At the head of the meeting is the Constable, who takes his seat in a carved ebony chair often referred to as the 'John of Gaunt' chair, although it is
probably of Portuguese origin, and dating from the Elizabethan period! The Lucas Horn is laid before him, and proceedings commence. (See Hocktide Court Agenda 2011).
The Hocktide Jury of at least 12 commoners is sworn in, and they select a foreman (using a special traditional procedure).
The roll of commoners is called, and the fines are now paid by a friend so that his right of pasture and fishing is not lost for the following year. In
practice, when the name of an absent commoner is called, the Bellman and Assistant Bailiff slams down a penny and shouts "Here Sir!". Follow this for more on Properties attracting Common Rights.

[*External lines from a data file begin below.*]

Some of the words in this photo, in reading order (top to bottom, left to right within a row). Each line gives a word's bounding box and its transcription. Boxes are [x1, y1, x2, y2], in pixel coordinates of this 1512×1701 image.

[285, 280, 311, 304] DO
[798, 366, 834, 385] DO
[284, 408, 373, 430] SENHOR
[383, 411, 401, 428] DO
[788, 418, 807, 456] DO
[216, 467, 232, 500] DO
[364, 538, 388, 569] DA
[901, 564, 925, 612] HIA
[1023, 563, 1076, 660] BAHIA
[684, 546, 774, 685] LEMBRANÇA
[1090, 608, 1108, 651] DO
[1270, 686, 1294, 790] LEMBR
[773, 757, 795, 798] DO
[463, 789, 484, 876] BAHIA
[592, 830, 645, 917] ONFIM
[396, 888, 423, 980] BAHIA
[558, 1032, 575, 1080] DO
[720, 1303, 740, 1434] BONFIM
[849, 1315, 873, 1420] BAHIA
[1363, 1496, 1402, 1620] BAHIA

Follow this for more about Common Rights.
The Steward of the Manor then reads the 'Ancient Customs', handed down since 1583. "Certain
Ancient Customs perpetuallie remaining...

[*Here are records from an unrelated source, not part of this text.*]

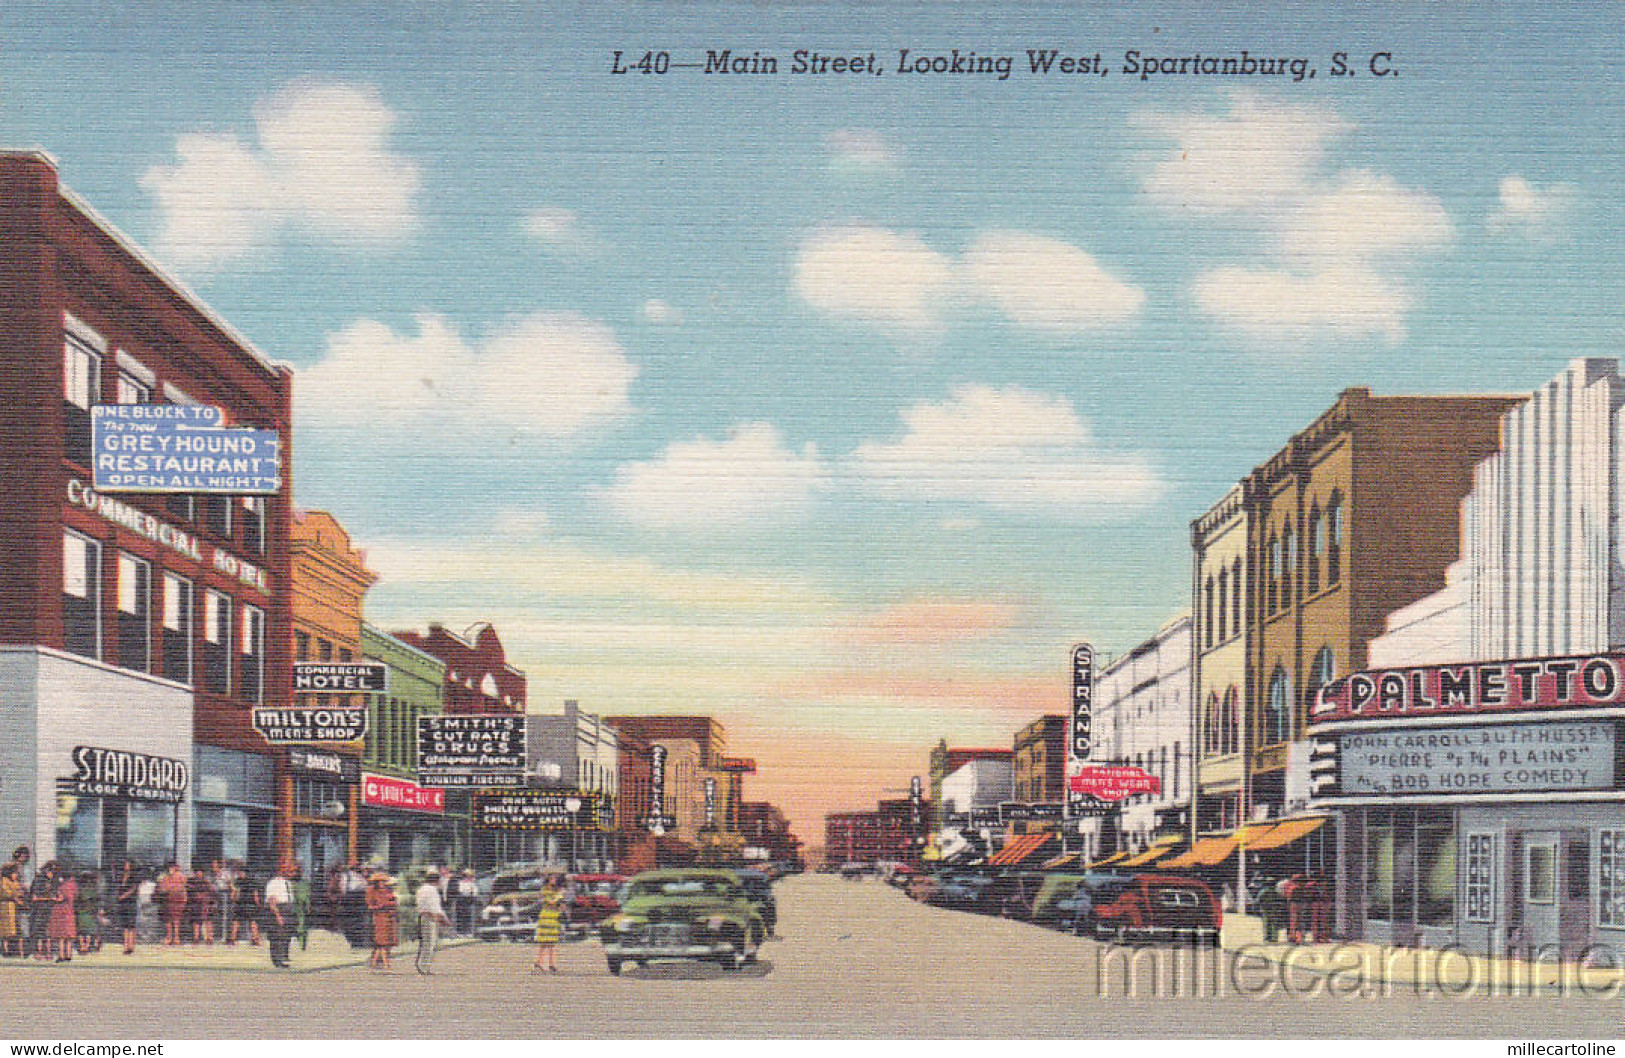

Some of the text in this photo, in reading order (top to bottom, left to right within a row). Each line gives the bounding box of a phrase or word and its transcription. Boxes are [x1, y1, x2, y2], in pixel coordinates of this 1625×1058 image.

[94, 405, 215, 420] ONE BLOCK TO
[103, 434, 256, 455] GREYHOUND
[99, 453, 262, 473] RESTAURANT
[108, 474, 263, 488] OPEN ALL NIGHT
[67, 478, 272, 596] COMMERCIAL HOTEL
[297, 666, 373, 675] COMMERCIAL
[297, 675, 372, 689] HOTEL
[1349, 656, 1619, 715] PALMETTO
[1075, 650, 1091, 749] STRAND
[258, 709, 360, 727] MILTON'S
[430, 718, 514, 730] SMITH'S
[269, 727, 355, 739] MEN'S SHOP
[433, 731, 511, 742] CUT RATE
[1343, 725, 1612, 749] JOHN CARROLL RUTH HUSSEY
[435, 742, 511, 754] DRUGS
[76, 747, 187, 791] STANDARD
[1391, 773, 1430, 789] BOB
[1440, 772, 1492, 787] HOPE
[1503, 769, 1589, 784] COMEDY
[128, 786, 181, 801] COMPANY
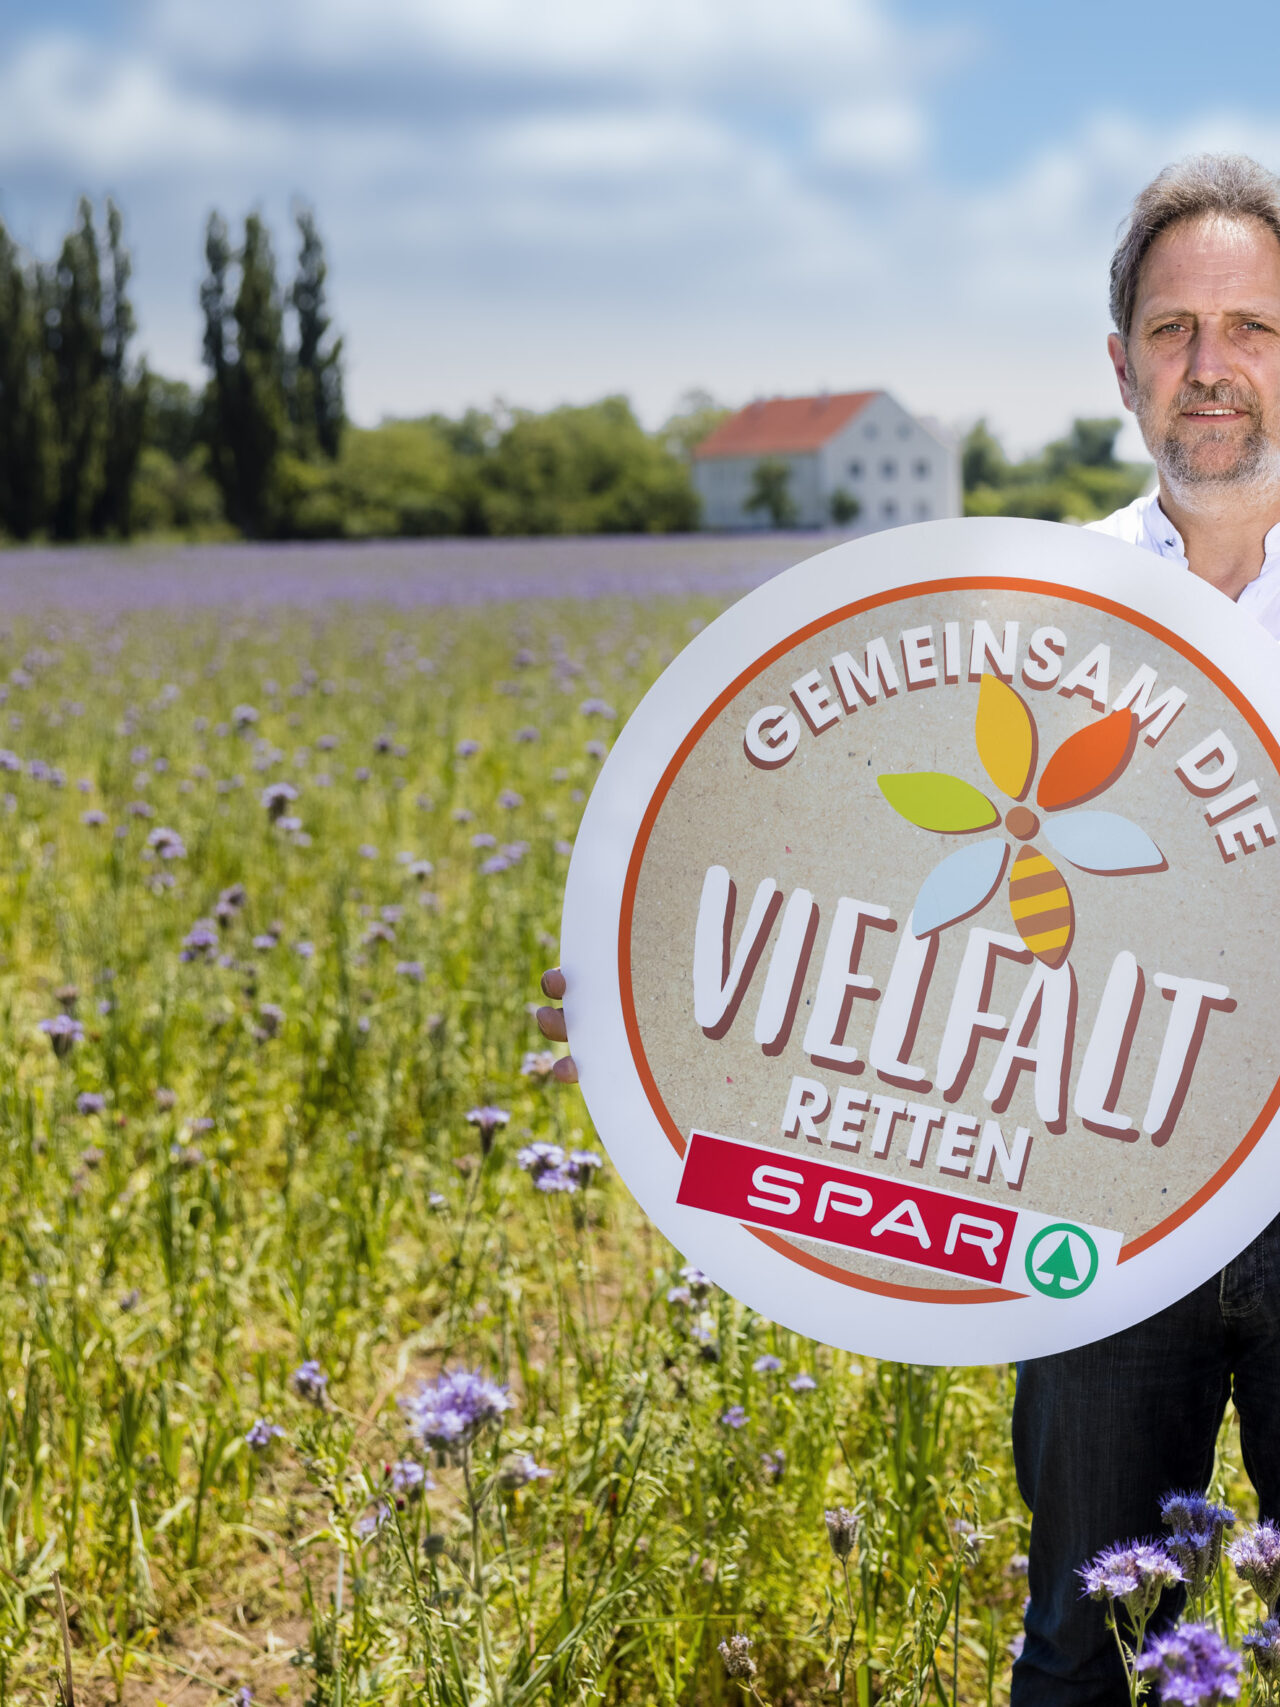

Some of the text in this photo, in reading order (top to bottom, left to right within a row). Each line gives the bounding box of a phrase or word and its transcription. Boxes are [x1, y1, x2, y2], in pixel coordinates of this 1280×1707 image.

[743, 620, 1278, 864] GEMEINSAM DIE
[692, 866, 1237, 1147] VIELFALT
[746, 1164, 1006, 1267] SPAR
[781, 1076, 1034, 1190] RETTEN

Ffirst for the mayntenance and better contynuance of the ancient franchises of the same
Towne, there ys and tyme out of mynde alwayes hath bene kept and holden on the Tuysday called Hockenday evry yere one Courte called Hocktide Courte in the Comon Hall there at the howre of
eight of the Clock in the fforenone of the same day.
Follow this link for an transcription of the Hocktide Court Book of 1583, and a sample of
the original document.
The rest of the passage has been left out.